WHAT THIS TASK INVOLVES:
Could you repeat word for word only the lines from the one containing "this 1800×1600 image." to the last line of the data below?

RECORDED DATA:
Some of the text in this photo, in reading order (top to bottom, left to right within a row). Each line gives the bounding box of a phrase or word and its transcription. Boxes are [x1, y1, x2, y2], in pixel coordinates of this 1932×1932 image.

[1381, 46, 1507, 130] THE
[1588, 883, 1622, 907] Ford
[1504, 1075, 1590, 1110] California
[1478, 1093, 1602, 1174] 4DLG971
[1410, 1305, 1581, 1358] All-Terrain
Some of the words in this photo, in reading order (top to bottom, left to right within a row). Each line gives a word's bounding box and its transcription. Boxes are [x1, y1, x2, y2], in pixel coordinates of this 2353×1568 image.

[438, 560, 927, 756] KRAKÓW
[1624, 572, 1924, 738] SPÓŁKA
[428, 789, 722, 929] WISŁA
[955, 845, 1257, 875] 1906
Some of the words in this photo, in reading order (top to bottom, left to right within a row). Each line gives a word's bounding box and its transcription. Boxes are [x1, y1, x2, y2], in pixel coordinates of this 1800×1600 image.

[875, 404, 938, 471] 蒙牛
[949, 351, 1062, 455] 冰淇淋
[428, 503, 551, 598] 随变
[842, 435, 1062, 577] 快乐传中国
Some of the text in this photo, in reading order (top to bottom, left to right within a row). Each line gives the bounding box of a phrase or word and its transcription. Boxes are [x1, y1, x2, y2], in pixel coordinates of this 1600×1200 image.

OUTPUT OF THE TASK:
Some of the words in this photo, in reading order (top to bottom, left to right within a row). Each line gives a word's bounding box and its transcription. Boxes are [x1, y1, x2, y2], in pixel coordinates of this 1800×1600 image.

[875, 404, 938, 471] 蒙牛
[949, 351, 1062, 455] 冰淇淋
[428, 503, 551, 598] 随变
[842, 435, 1062, 577] 快乐传中国
Some of the text in this photo, in reading order (top to bottom, left to right within a row). Each line gives the bounding box of a phrase or word and its transcription. Boxes are [x1, y1, x2, y2], in pixel coordinates of this 1600×1200 image.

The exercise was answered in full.